Third Resolution read a Second time.

Motion made, and Question proposed, "That this House doth agree with the Committee in the said Resolution."

10.23 p.m.

Mr. Montague (Islington, West)

I do not want to launch a long discussion, but I wish to draw the attention of the Under-Secretary to one matter. I have already raised it in a Parliamentary Question, and the reply I received was that it was being examined, and was found to be a difficult one. I should be grateful if he could now tell me what stage has been reached in the examination. The subject of civil aviation was raised the other day, and many hon. Members regretted that the war was interfering with its development. I share that regret, and regret further that the action of the Government appears to be handicapping severely the prospects of restoring civil aviation at the end of the war to the position it occupied before the war. I refer particularly to civil aviation inside this country. I am not sure of the number of civil aviation firms that run lines in this country, excluding those run by the railway companies, but I think it is between seven and ten. They have given excellent service to civil aviation inside the country. Our position, on this side of the House, is that aviation should be a national concern, but that position is not accepted.

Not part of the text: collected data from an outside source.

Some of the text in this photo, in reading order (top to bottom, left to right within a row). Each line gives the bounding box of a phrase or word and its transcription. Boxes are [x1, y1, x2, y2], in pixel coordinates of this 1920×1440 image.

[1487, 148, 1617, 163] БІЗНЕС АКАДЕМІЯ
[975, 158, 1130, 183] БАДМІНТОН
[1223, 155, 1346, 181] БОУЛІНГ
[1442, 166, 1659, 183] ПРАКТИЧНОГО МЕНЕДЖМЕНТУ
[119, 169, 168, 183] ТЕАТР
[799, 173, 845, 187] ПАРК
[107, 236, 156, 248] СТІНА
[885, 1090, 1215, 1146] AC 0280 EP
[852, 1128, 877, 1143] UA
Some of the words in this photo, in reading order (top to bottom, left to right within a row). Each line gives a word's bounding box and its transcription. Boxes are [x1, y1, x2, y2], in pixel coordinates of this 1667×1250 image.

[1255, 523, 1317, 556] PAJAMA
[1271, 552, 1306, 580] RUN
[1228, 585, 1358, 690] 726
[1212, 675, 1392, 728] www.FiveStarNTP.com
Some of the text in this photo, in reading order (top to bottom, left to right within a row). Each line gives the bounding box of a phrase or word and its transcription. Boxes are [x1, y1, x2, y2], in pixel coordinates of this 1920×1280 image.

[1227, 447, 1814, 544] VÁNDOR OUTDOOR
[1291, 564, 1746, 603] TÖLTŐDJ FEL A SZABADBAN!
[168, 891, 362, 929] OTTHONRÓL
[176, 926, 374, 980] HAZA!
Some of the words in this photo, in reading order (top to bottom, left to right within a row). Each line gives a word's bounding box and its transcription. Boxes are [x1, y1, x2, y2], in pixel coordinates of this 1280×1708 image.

Those companies are at present not allowed to continue, owing to the military situation. One can quite understand that, but the Government have taken over the machines of those organisations, which were run by well-equipped and experienced people, who desire to remain in some sort of practical existence ready for the end of the war, when they can resume operations. They are told, however, that they cannot obtain satisfaction in that respect, and they are practically disbanded. Their aeroplanes are taken over and they are given to understand that, when the war is over, they can go back to the old conditions and restart those civil aviation companies. That, of course, is quite out of the question, unless a skeleton organisation is allowed to remain and to employ the valuable services of those people.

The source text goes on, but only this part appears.